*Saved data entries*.

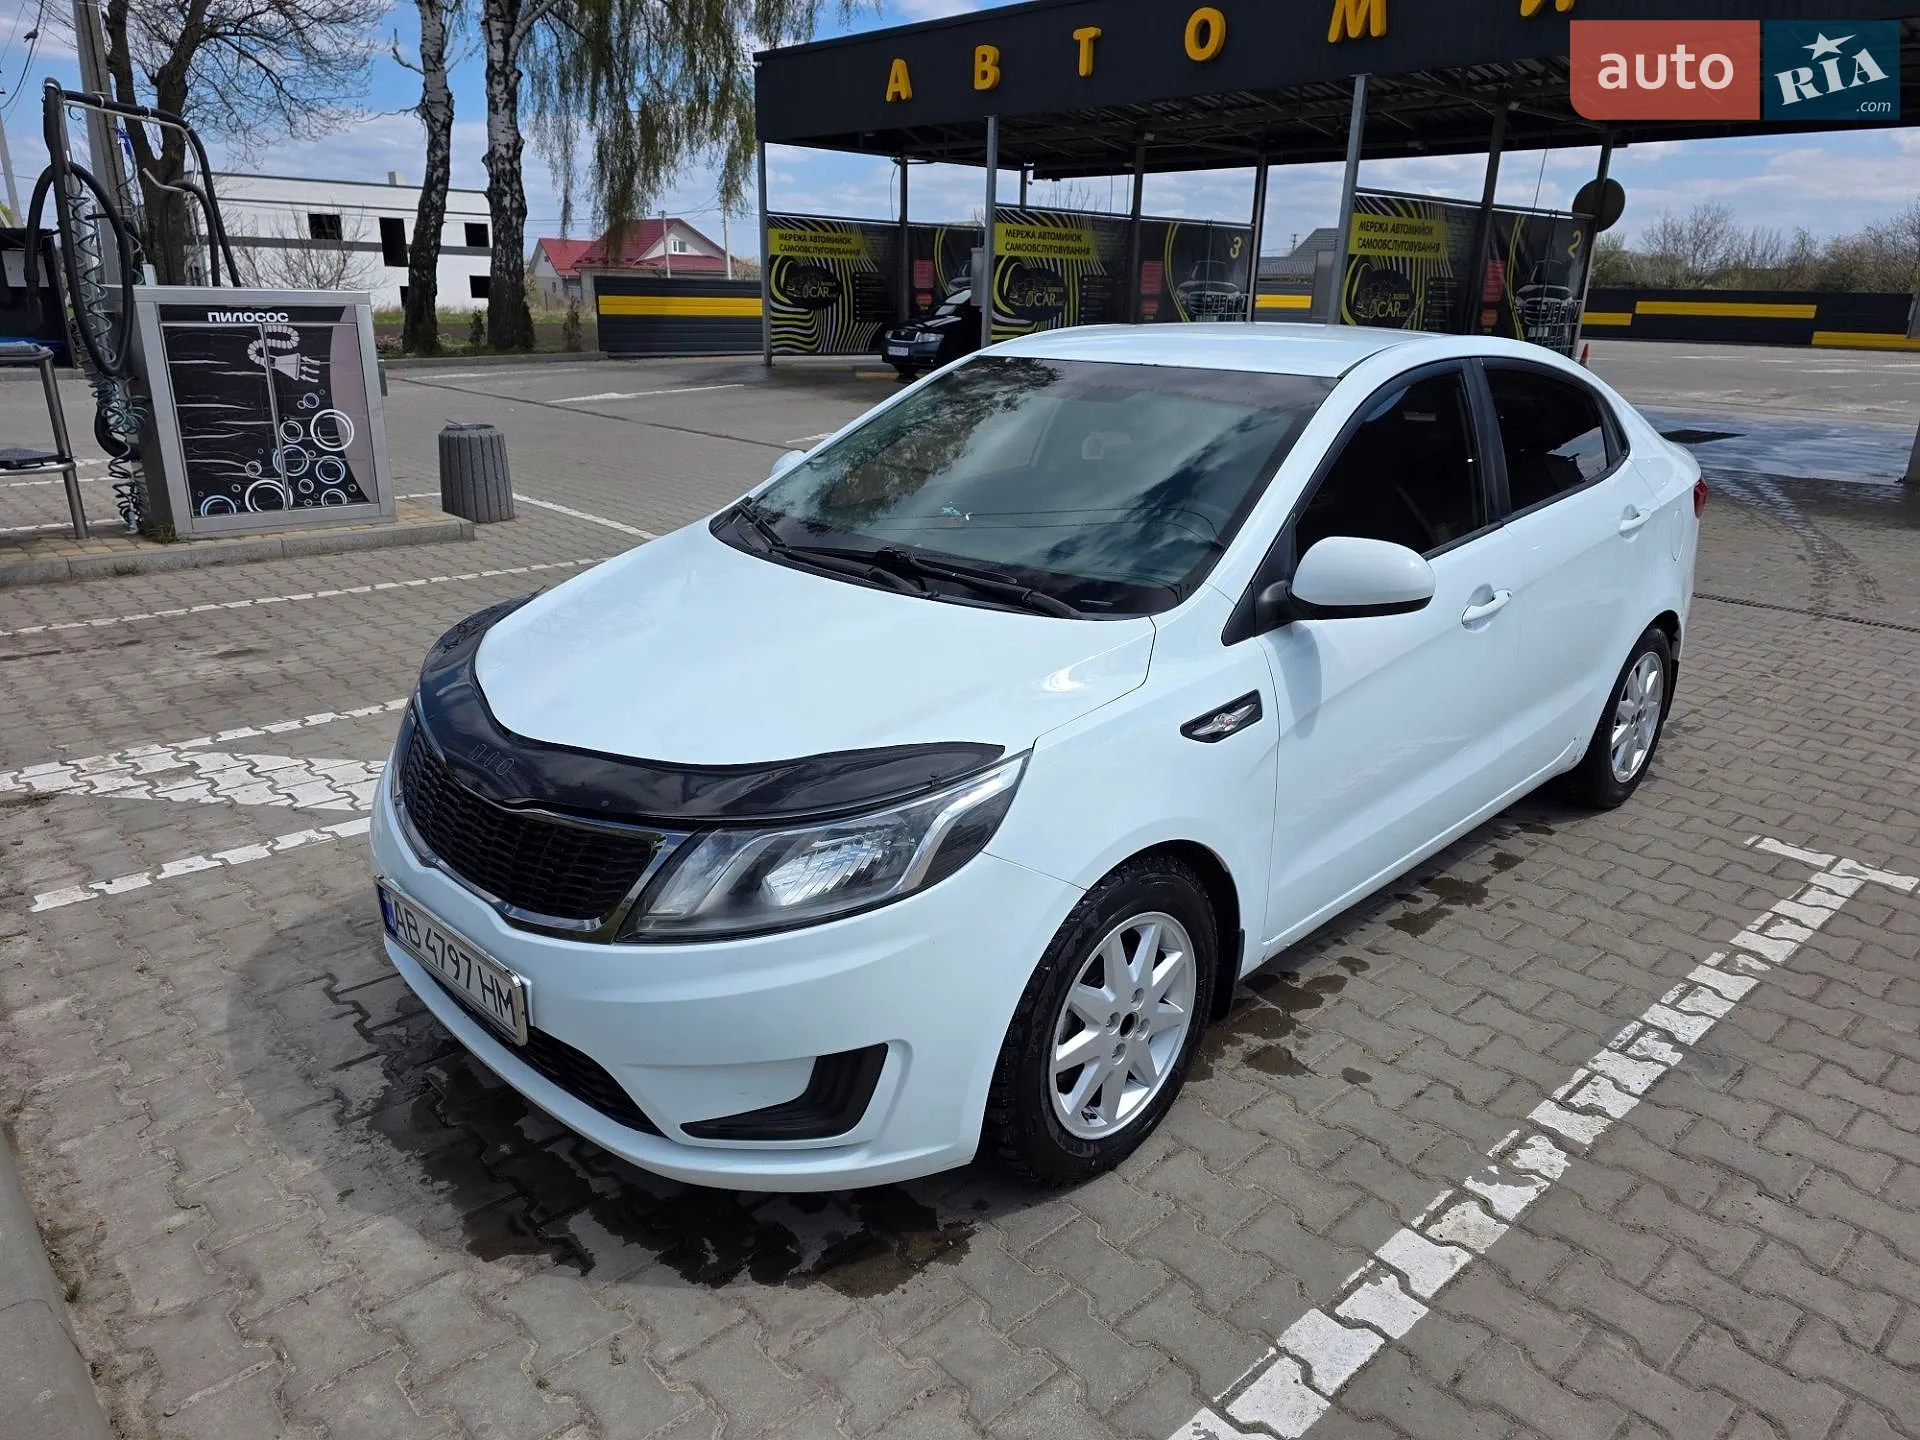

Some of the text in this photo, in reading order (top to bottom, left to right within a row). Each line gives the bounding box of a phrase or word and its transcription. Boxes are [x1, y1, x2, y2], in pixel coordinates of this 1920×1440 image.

[886, 0, 1574, 102] АВТОМ
[1005, 228, 1037, 240] МЕРЕЖА
[1358, 221, 1389, 234] МЕРЕЖА
[778, 233, 807, 243] МЕРЕЖА
[1567, 229, 1583, 259] 2
[1229, 236, 1243, 260] 3
[207, 311, 289, 323] ПИЛОСОС
[393, 900, 517, 1027] AB 4797 HM
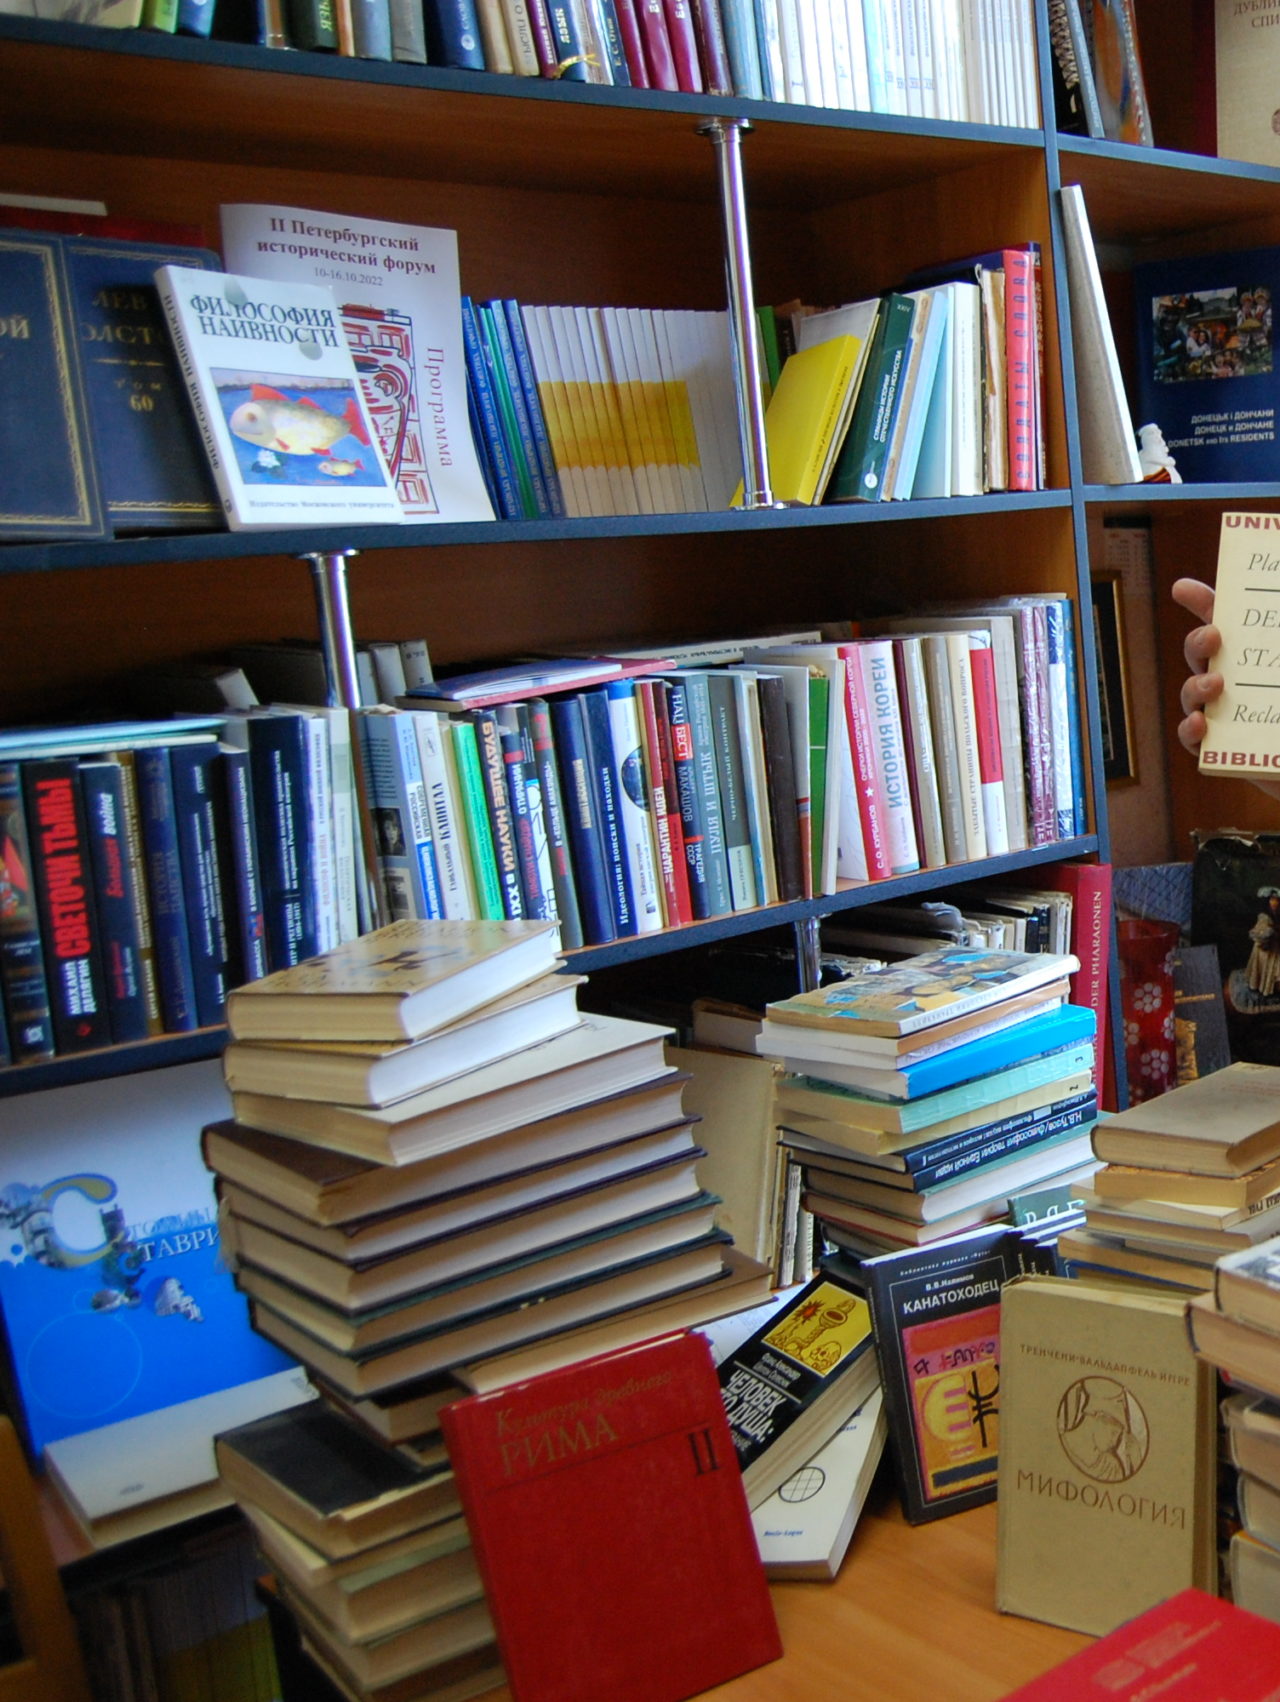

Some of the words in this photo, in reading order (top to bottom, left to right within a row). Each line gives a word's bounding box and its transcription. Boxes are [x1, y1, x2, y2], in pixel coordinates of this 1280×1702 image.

[554, 7, 570, 44] ЯЗЫК
[271, 218, 285, 231] II
[291, 221, 419, 251] Петербургский
[257, 240, 378, 266] исторический
[383, 258, 436, 276] форум
[314, 267, 383, 286] 10-16.10.2022
[190, 294, 336, 328] ФИЛОСОФИЯ
[200, 317, 341, 348] НАИВНОСТИ
[161, 294, 195, 376] НАИВНОСТИ
[130, 395, 154, 412] 60
[187, 382, 222, 469] ФИЛОСОФИЯ
[425, 348, 453, 467] Программа
[1191, 412, 1229, 424] ДОНЕЦЬК
[1234, 409, 1274, 421] ДОНЧАНИ
[1194, 423, 1227, 435] ДОНЕЦК
[1234, 420, 1274, 431] ДОНЧАНЕ
[1230, 431, 1275, 443] RESIDENTS
[669, 693, 686, 724] НАЦ
[870, 657, 891, 718] КОРЕИ
[673, 725, 690, 757] БЕСТ
[697, 751, 718, 795] ШТЫК
[878, 723, 902, 808] ИСТОРИЯ
[481, 720, 506, 808] БУДУЩЕЕ
[495, 808, 515, 871] НАУКИ
[601, 766, 614, 811] находки
[676, 765, 694, 822] МАКАШОВ
[705, 800, 717, 811] И
[35, 777, 78, 854] ТЬМЫ
[97, 791, 116, 835] война
[430, 782, 452, 840] КАПИТАЛ
[867, 804, 881, 848] КУРБАНОВ
[609, 823, 620, 861] поиски
[656, 817, 674, 873] КАРАНТИН
[705, 815, 724, 853] ПУЛЯ
[45, 853, 91, 958] СВЕТОЧИ
[612, 863, 629, 923] Идеология:
[1090, 890, 1103, 975] PHARAONEN
[62, 961, 83, 1014] МИХАИЛ
[75, 958, 97, 1013] ДЕЛЯГИН
[1090, 980, 1099, 1007] DER
[979, 1139, 1006, 1158] теории
[903, 1279, 999, 1315] КАНАТОХОДЕЦ
[925, 1273, 974, 1291] В.В.Налимов
[728, 1369, 787, 1418] ЧЕЛОВЕК
[495, 1399, 591, 1438] Культура
[727, 1398, 775, 1443] ДУША:
[500, 1420, 619, 1479] РИМА
[687, 1431, 722, 1477] II
[1017, 1469, 1187, 1530] МИФОЛОГИЯ

*Work request*. Every record must be copied exactly, with images dropped from the result.

*Response below*.
Some of the text in this photo, in reading order (top to bottom, left to right within a row). Each line gives the bounding box of a phrase or word and its transcription. Boxes are [x1, y1, x2, y2], in pixel coordinates of this 1920×1440 image.

[886, 0, 1574, 102] АВТОМ
[1005, 228, 1037, 240] МЕРЕЖА
[1358, 221, 1389, 234] МЕРЕЖА
[778, 233, 807, 243] МЕРЕЖА
[1567, 229, 1583, 259] 2
[1229, 236, 1243, 260] 3
[207, 311, 289, 323] ПИЛОСОС
[393, 900, 517, 1027] AB 4797 HM

Some of the words in this photo, in reading order (top to bottom, left to right within a row). Each line gives a word's bounding box and its transcription. Boxes are [x1, y1, x2, y2], in pixel coordinates of this 1280×1702 image.

[554, 7, 570, 44] ЯЗЫК
[271, 218, 285, 231] II
[291, 221, 419, 251] Петербургский
[257, 240, 378, 266] исторический
[383, 258, 436, 276] форум
[314, 267, 383, 286] 10-16.10.2022
[190, 294, 336, 328] ФИЛОСОФИЯ
[200, 317, 341, 348] НАИВНОСТИ
[161, 294, 195, 376] НАИВНОСТИ
[130, 395, 154, 412] 60
[187, 382, 222, 469] ФИЛОСОФИЯ
[425, 348, 453, 467] Программа
[1191, 412, 1229, 424] ДОНЕЦЬК
[1234, 409, 1274, 421] ДОНЧАНИ
[1194, 423, 1227, 435] ДОНЕЦК
[1234, 420, 1274, 431] ДОНЧАНЕ
[1230, 431, 1275, 443] RESIDENTS
[669, 693, 686, 724] НАЦ
[870, 657, 891, 718] КОРЕИ
[673, 725, 690, 757] БЕСТ
[697, 751, 718, 795] ШТЫК
[878, 723, 902, 808] ИСТОРИЯ
[481, 720, 506, 808] БУДУЩЕЕ
[495, 808, 515, 871] НАУКИ
[601, 766, 614, 811] находки
[676, 765, 694, 822] МАКАШОВ
[705, 800, 717, 811] И
[35, 777, 78, 854] ТЬМЫ
[97, 791, 116, 835] война
[430, 782, 452, 840] КАПИТАЛ
[867, 804, 881, 848] КУРБАНОВ
[609, 823, 620, 861] поиски
[656, 817, 674, 873] КАРАНТИН
[705, 815, 724, 853] ПУЛЯ
[45, 853, 91, 958] СВЕТОЧИ
[612, 863, 629, 923] Идеология:
[1090, 890, 1103, 975] PHARAONEN
[62, 961, 83, 1014] МИХАИЛ
[75, 958, 97, 1013] ДЕЛЯГИН
[1090, 980, 1099, 1007] DER
[979, 1139, 1006, 1158] теории
[903, 1279, 999, 1315] КАНАТОХОДЕЦ
[925, 1273, 974, 1291] В.В.Налимов
[728, 1369, 787, 1418] ЧЕЛОВЕК
[495, 1399, 591, 1438] Культура
[727, 1398, 775, 1443] ДУША:
[500, 1420, 619, 1479] РИМА
[687, 1431, 722, 1477] II
[1017, 1469, 1187, 1530] МИФОЛОГИЯ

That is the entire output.